On Thu, Nov 21, 2019 at 5:48 PM Jonathan Lewis
<jonathan@xxxxxxxxxxxxxxxxxx<mailto:jonathan@xxxxxxxxxxxxxxxxxx>> wrote:
Vishnu,

Your STUDENTS example looks like a bug.  (The stats for the NULL and '' case
are identical, by the way, so it's likely to be related to the way that Oracle
stores the '' as the DEFAULT for the column definition).

re:
select * from temp where mark1 is null; --> it always goes with a full table
scan
It's got to; Oracle know that there are some rows with mark1 null, some with
mark2 null, so it have to asume that the two sets of rows may overlap to give a
row which does not appear in thei index.

select * from temp where mark1 is null and mark2 = 123123;
Now you're looking for a row which (if it exists) will be in the index.  You
could equally change the mark2 = 123123 to mark2 is not null.

re:
all i did was add an extra column to the index (virtual column).
So now you have a column in the index which is NEVER null, so every row in the
table will appear in the index, so the index can be used for mark1 is null

re
mark2 is null
The possibly paths are
index skip scan
index full scan
index fast full scan
tablescan

The choice of tablescan is almost certainly dictated by cost.

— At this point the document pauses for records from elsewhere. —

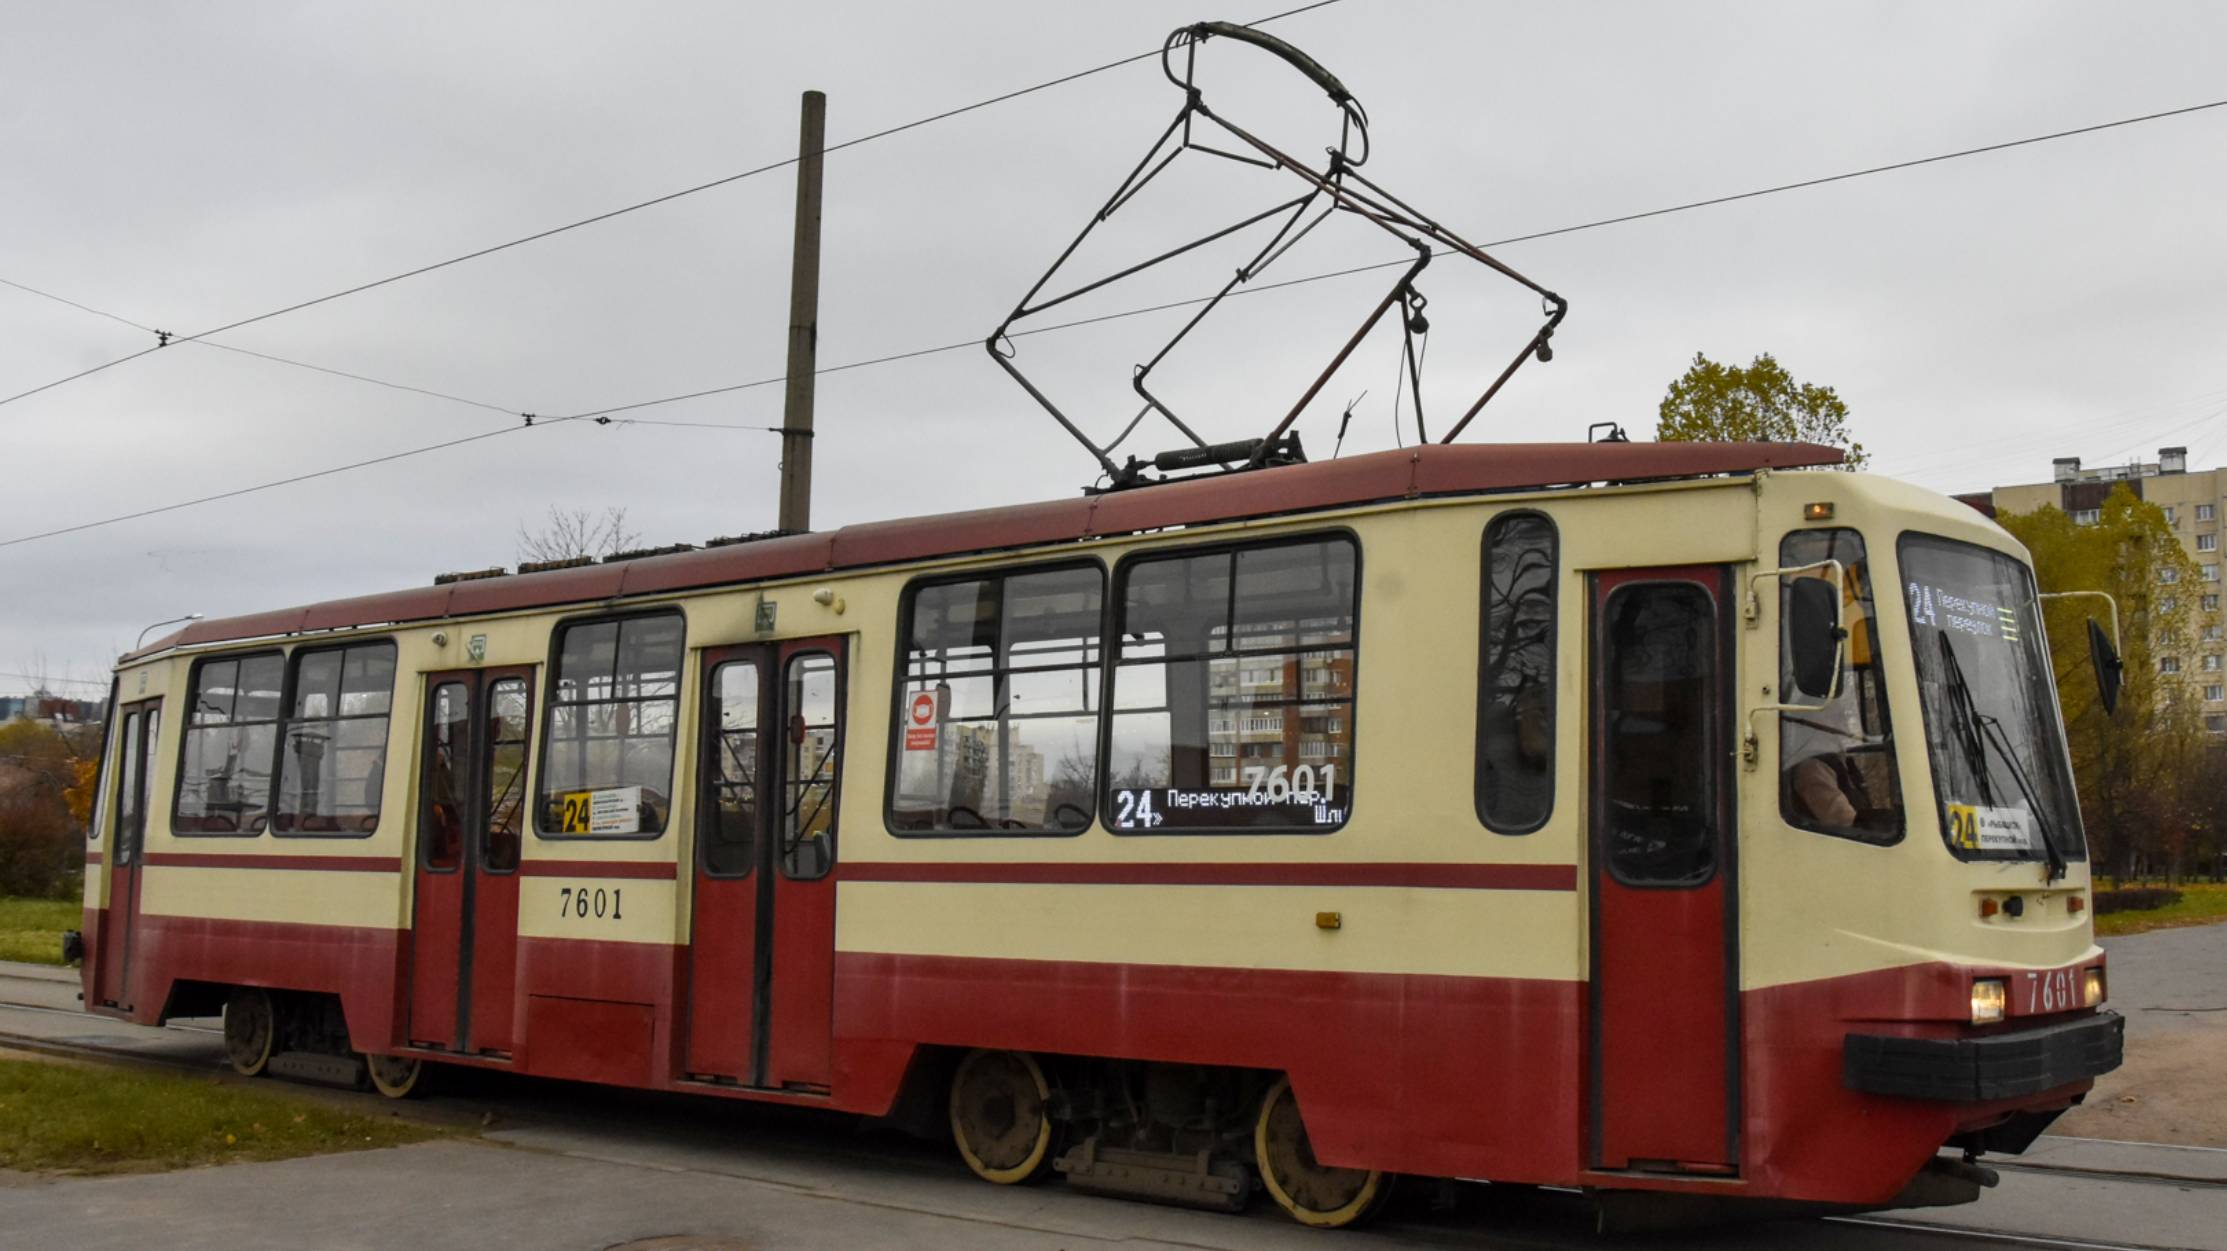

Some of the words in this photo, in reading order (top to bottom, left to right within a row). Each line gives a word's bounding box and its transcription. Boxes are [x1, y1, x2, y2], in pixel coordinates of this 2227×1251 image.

[1909, 582, 1936, 626] 24
[1244, 764, 1335, 801] 7601
[564, 798, 590, 833] 24
[1951, 810, 1979, 849] 24
[560, 888, 622, 920] 7601
[2026, 967, 2077, 1014] 7601

BOTTOM LINE - your students case looks like a bug relating to the special case
of the way Oracle handles the DEFAULT for a constant empty string. The rest are
correct behaviour.

Regards
Jonathan Lewis

________________________________________
From: oracle-l-bounce@xxxxxxxxxxxxx<mailto:oracle-l-bounce@xxxxxxxxxxxxx>
<oracle-l-bounce@xxxxxxxxxxxxx<mailto:oracle-l-bounce@xxxxxxxxxxxxx>> on behalf
of Vishnu Potukanuma
<vishnupotukanuma@xxxxxxxxx<mailto:vishnupotukanuma@xxxxxxxxx>>
Sent: 21 November 2019 11:07
To: Andy Sayer
Cc: oracle-l@xxxxxxxxxxxxx<mailto:oracle-l@xxxxxxxxxxxxx>
Subject: Re: indexing null values curious case?

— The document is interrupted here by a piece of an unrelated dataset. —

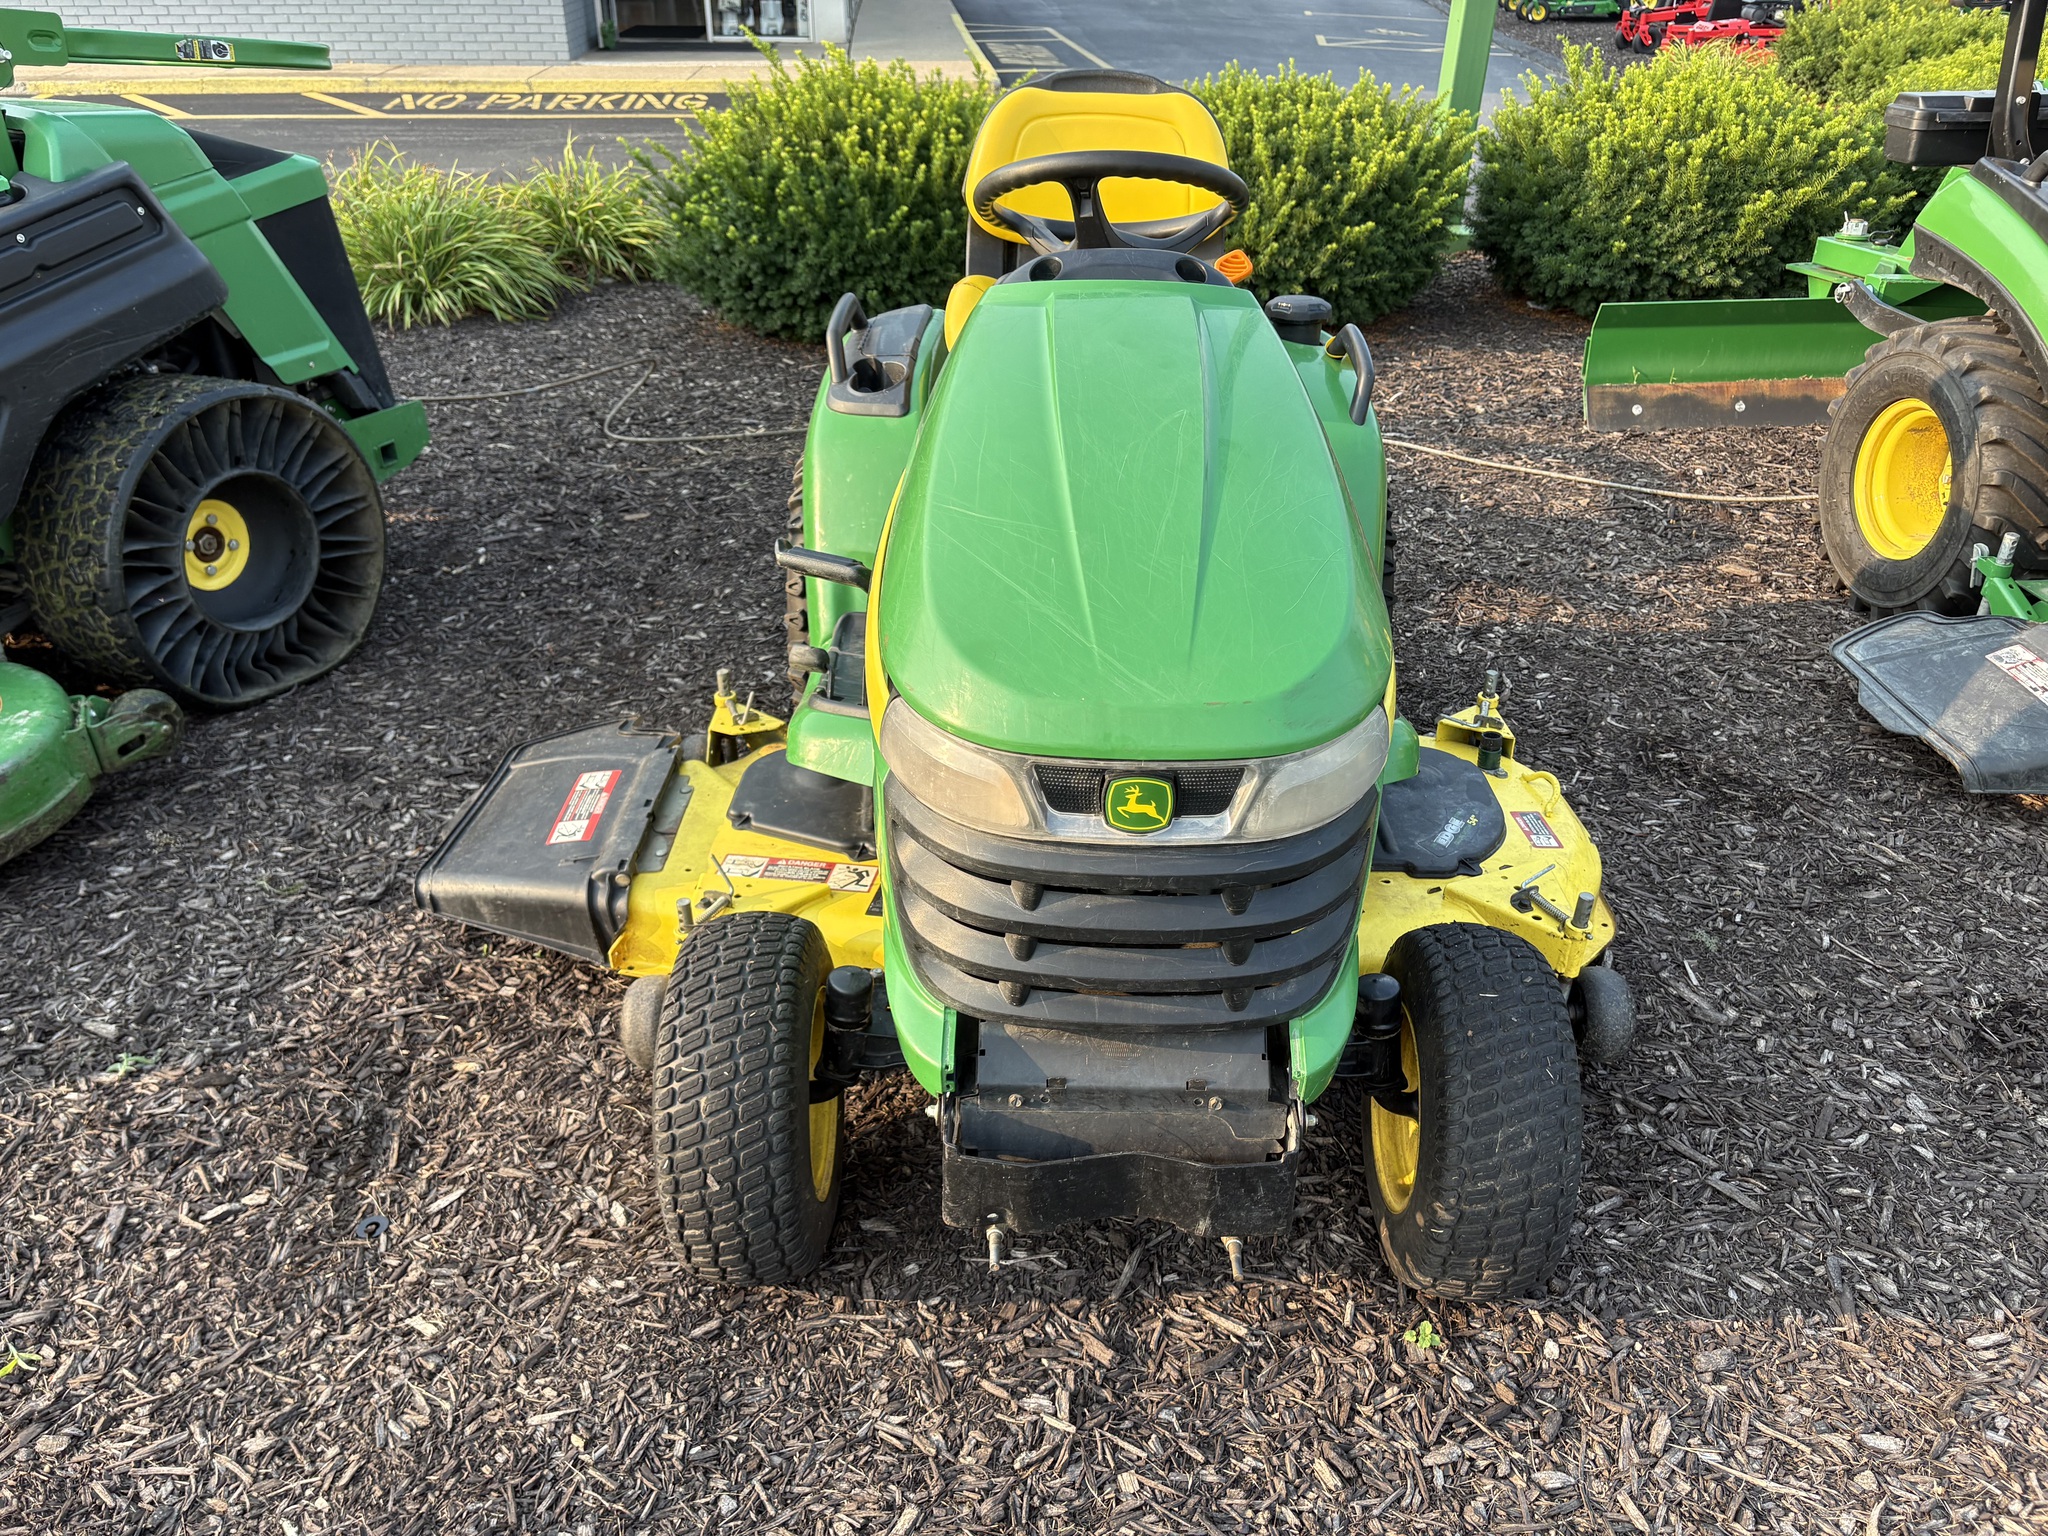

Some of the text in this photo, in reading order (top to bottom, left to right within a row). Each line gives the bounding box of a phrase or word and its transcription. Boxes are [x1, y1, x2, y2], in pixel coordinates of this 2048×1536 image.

[382, 93, 709, 110] NO PARKING
[1433, 816, 1466, 848] EDGE
[787, 859, 827, 867] DANGER

Apparently looks like this entire section dealing with the null is not
developed in its entirety.. the following is a different case as well regarding
the nulls.

even with a multi-column index, considering another scenario as the following:
create table temp (roll number, name varchar2(20), mark1 number, mark2 number);
insert into temp select rownum, dbms_random.string(0,20),
round(dbms_random.value(0,100), round(dbms_random.value(0,200)) from dual
connect by level < 1000000;
insert into temp (roll, name, mark2) select rownum, dbms_random.string(0,20),
round(dbms_random.value(0,200) from dual connect by level < 10;
insert into temp (roll, name, mark1) select rownum, dbms_random.string(0,20),
round(dbms_random.value(0,200) from dual connect by level < 10;
commit;
create index idx on temp(mark1, mark2);
Here i have only 10 rows from each of the columns as null;

exec dbms_Stats.gather_table_stats('VISHNU','TEMP',CASCADE=>TRUE);

from the leaf blocks we can find that the nulls are stored in the index.
The leaf blocks containing the NULLs is as follows:
row#0[8019] flag: -------, lock: 0, len=13
col 0; len 2; (2):  c1 02
col 1; NULL
col 2; len 6; (6):  01 c0 21 de 00 00
row#1[7992] flag: -------, lock: 2, len=14
col 0; len 3; (3):  c2 02 04
col 1; NULL
col 2; len 6; (6):  01 c0 21 de 00 02
row#2[8006] flag: -------, lock: 0, len=13
col 0; NULL
col 1; len 2; (2):  c1 02
col 2; len 6; (6):  01 c0 21 de 00 01
row#3[7978] flag: -------, lock: 2, len=14
col 0; NULL
col 1; len 3; (3):  c2 0d 20
col 2; len 6; (6):  01 c0 21 de 00 03

if we issue a query like select * from temp where mark1 is null; --> it always
goes with a full table scan even when 10 rows only have null values and
apparently the index leaf blocks do contain entries regarding the null values),
for the leading as well as the tail columns as shown above. But the wierd thing
is if we include both the columns mark1, mark2 in the predicate clause as
following:
select * from temp where mark1 is null and mark2 = 123123;
the optimizer selects the index.

now comes even better part.
drop the index  and create the index as follows:
create index idx on temp(mark1,mark2,1);
all i did was add an extra column to the index (virtual column).
collected the statistics and ran the query back again.
select * from temp where mark1 is null;
this time it selects the index properly which makes me wonder if they have
included or written the code or made the optimizer to consider the nulls in the
predicate clause only in the presence of virtual columns.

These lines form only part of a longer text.